Among the most popular pages are those of brands such as Starbucks, Coca-Cola and Oreo, which attract audiences of 10-25 million. But the big brands aren’t alone in working this seam. At their own level, local tradesmen, lesser-known authors and small businesses use the same system to promote themselves. Even Le Monde diplomatique has joined in: its French Facebook page, set up at the end of 2009 on the initiative of a subscriber, already has 49,048 followers. (Its more recent English page has 2,309.)
By allowing users to create and polish their personal brand, Facebook has become the magic mirror of our narcissistic and self-publicising era. The Facebook experience gives users the impression of being on stage, performing in front of 130 people (the average number of “friends”), who applaud their every gesture and witticism. The more faithfully the electronic mirror reflects our personality – or how we would like to think of ourselves – the more we become intoxicated with our reflection (2). This encourages users to feed their Facebook page, sometimes compulsively, by posting information on their likes and dislikes, their address and their location in real time, using various geo-positioning techniques, or chronicling their love life.
But Facebook doesn’t plan to stop there: it is now trying to extend its operation from a members-only site to the whole web. Since April 2010 Facebook has offered a “like” button that webmasters can build into their site to facilitate “buzz”; thanks to this seemingly innocent function, already implanted on a million websites, Facebook boasts that it can track the visits of 150 million individual users on the web every month and thus refine their profiles. The better to serve internet users (and the better to pin them down), Facebook has also recently launched an electronic messaging service offering email, SMS and chat functions. This has brought it into direct competition with Google, the other internet giant.
Facebook guarantees that only our friends can access the mass of text and image information that constantly pours into its databases. In November 2010 an investigation by The Wall Street Journal revealed that some of the biggest game operators on Facebook were holding the personal data of gamers and their friends. Facebook decreed a “zero tolerance” policy on data brokers and gave an assurance that it “has never sold and will never sell user information”. (Clearly, this statement overlooks the Patriot Act, which allows the US authorities to requisition personal information held in the US.)
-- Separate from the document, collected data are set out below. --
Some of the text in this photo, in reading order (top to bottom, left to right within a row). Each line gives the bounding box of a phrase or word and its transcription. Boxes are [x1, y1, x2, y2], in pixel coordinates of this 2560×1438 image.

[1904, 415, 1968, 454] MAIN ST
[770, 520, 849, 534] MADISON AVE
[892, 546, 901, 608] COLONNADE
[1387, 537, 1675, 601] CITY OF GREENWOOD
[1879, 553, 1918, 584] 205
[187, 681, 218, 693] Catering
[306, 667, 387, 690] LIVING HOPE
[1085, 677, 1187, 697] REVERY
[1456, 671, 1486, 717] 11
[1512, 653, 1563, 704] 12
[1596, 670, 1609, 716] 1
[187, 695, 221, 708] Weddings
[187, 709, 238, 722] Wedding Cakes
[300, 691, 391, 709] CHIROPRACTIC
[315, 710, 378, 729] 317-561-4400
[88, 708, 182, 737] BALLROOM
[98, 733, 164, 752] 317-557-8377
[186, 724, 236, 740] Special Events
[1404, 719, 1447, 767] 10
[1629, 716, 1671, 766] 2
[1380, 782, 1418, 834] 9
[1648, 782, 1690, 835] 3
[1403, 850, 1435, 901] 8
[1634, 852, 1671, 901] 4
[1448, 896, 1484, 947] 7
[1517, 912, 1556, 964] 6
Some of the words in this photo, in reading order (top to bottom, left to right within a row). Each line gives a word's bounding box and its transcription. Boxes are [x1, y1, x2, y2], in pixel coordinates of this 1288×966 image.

In 1993 a memorable cartoon in The New York Times explained that “on the internet, nobody knows you’re a dog”; in 2010 anonymity is on the way to being abolished. At the Techonomy conference on 4 August 2010, Google’s CEO Eric Schmidt said: “Show us 14 photos of yourself and we can identify who you are. You think you don’t have 14 photos of yourself on the internet? You’ve got Facebook photos!” This state of affairs was not only irrevocable but also, in his eyes, necessary: “In a world of asymmetric threats, true anonymity is too dangerous… You need a name service for humans… governments are going to require it.”
Although it is still possible to cheat, it will be increasingly difficult to do so in the future. The world’s most powerful online architects and its political leaders plan to “civilise” the free internet, which they still see as a lawless zone. If they succeed in domesticating the internet, stating your real identity will be the price you have to pay in order to enjoy full access. The word “web” was originally an image used to describe a decentralised system of interconnected information networks. Nobody imagined that a spider would actually take up residence at its centre and start spying on the activities of all internet users.